⟨

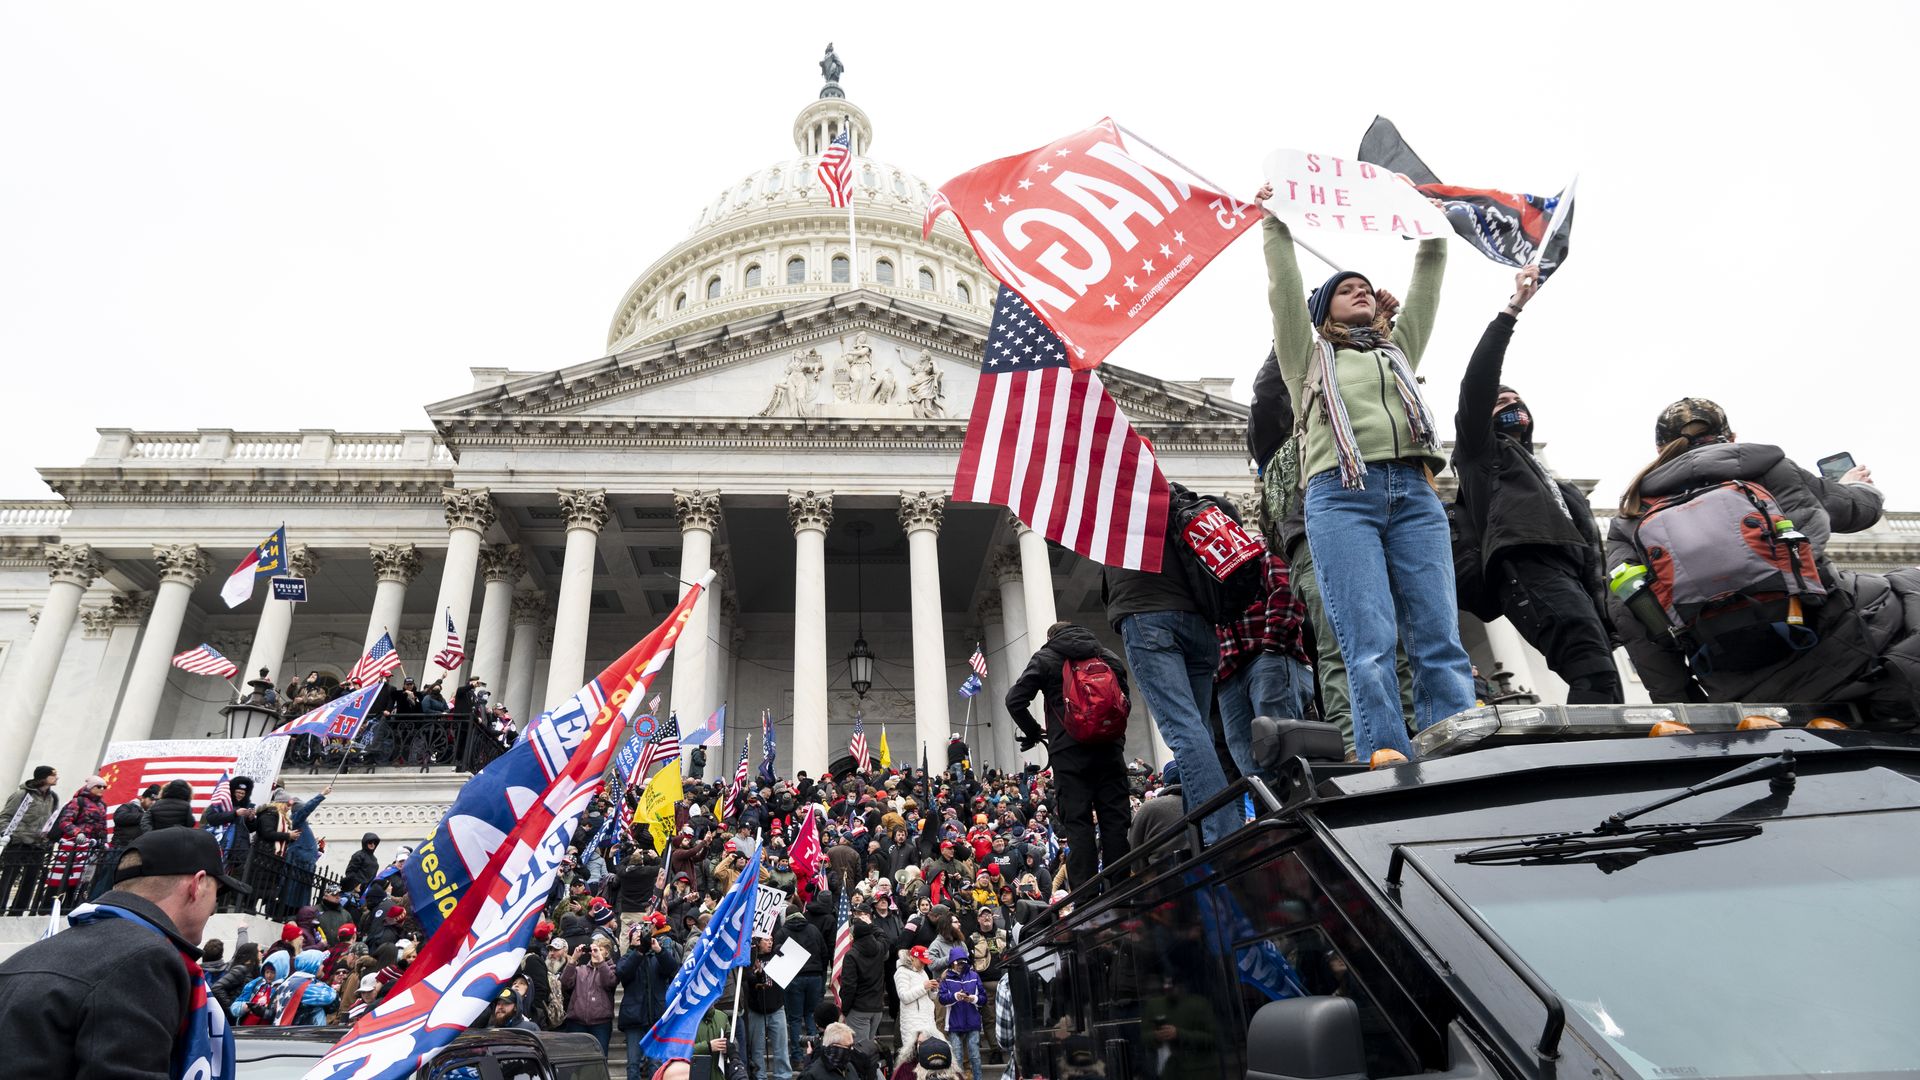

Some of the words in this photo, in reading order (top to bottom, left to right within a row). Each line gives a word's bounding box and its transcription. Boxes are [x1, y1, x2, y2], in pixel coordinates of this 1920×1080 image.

[1306, 153, 1378, 180] STO
[1286, 179, 1351, 207] THE
[1304, 212, 1433, 236] STEAL
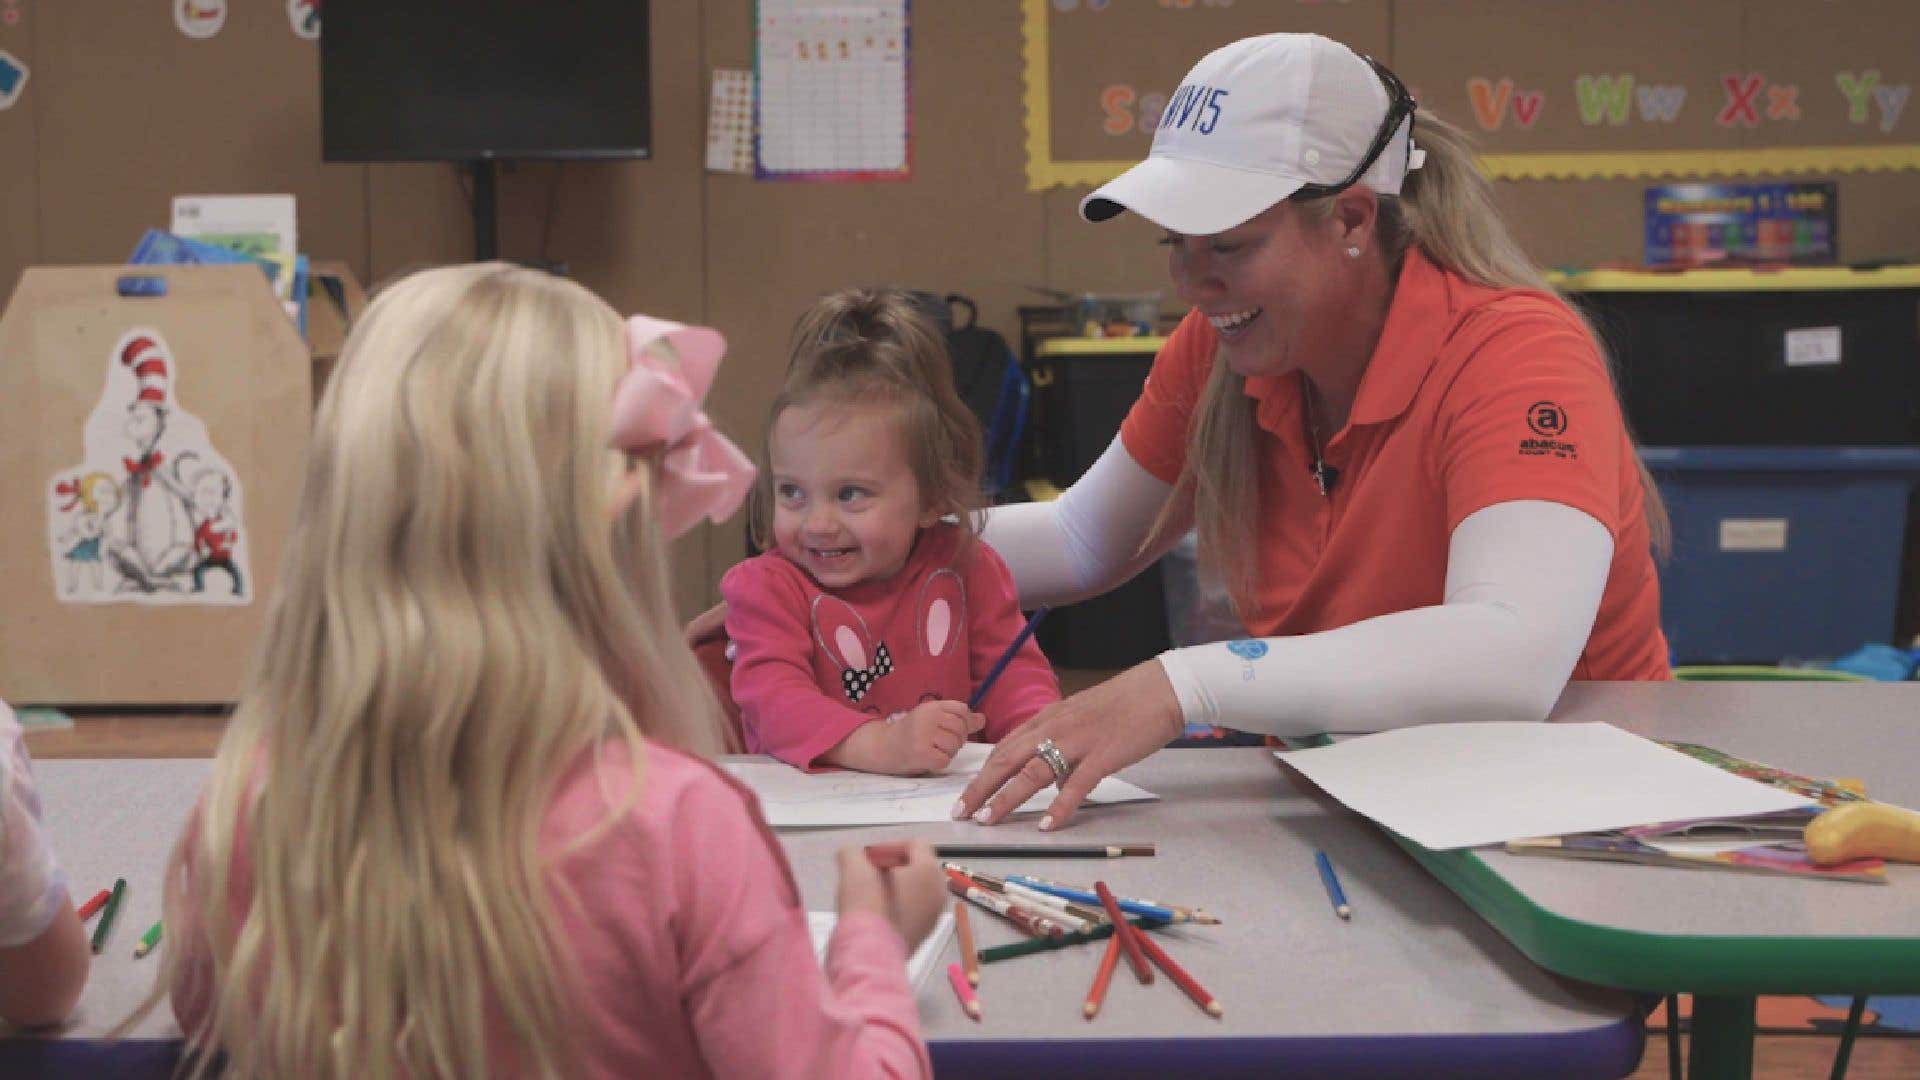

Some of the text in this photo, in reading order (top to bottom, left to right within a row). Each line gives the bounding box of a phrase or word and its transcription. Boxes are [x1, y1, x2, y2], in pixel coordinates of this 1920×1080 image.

[1469, 79, 1543, 128] Vv
[1577, 75, 1686, 124] Ww
[1718, 74, 1799, 126] Xx
[1836, 71, 1908, 132] Yy

⟩

Exercise goal:
The material above is to be set down exactly, with pictures removed.

Output for this exercise:
Some of the words in this photo, in reading order (top to bottom, left to right within a row). Each line gives a word's bounding box and its transcription. Boxes are [x1, y1, x2, y2], in pixel coordinates of this 1920×1080 image.

[1306, 153, 1378, 180] STO
[1286, 179, 1351, 207] THE
[1304, 212, 1433, 236] STEAL

Some of the text in this photo, in reading order (top to bottom, left to right within a row). Each line gives the bounding box of a phrase or word and its transcription. Boxes are [x1, y1, x2, y2], in pixel coordinates of this 1920×1080 image.

[1469, 79, 1543, 128] Vv
[1577, 75, 1686, 124] Ww
[1718, 74, 1799, 126] Xx
[1836, 71, 1908, 132] Yy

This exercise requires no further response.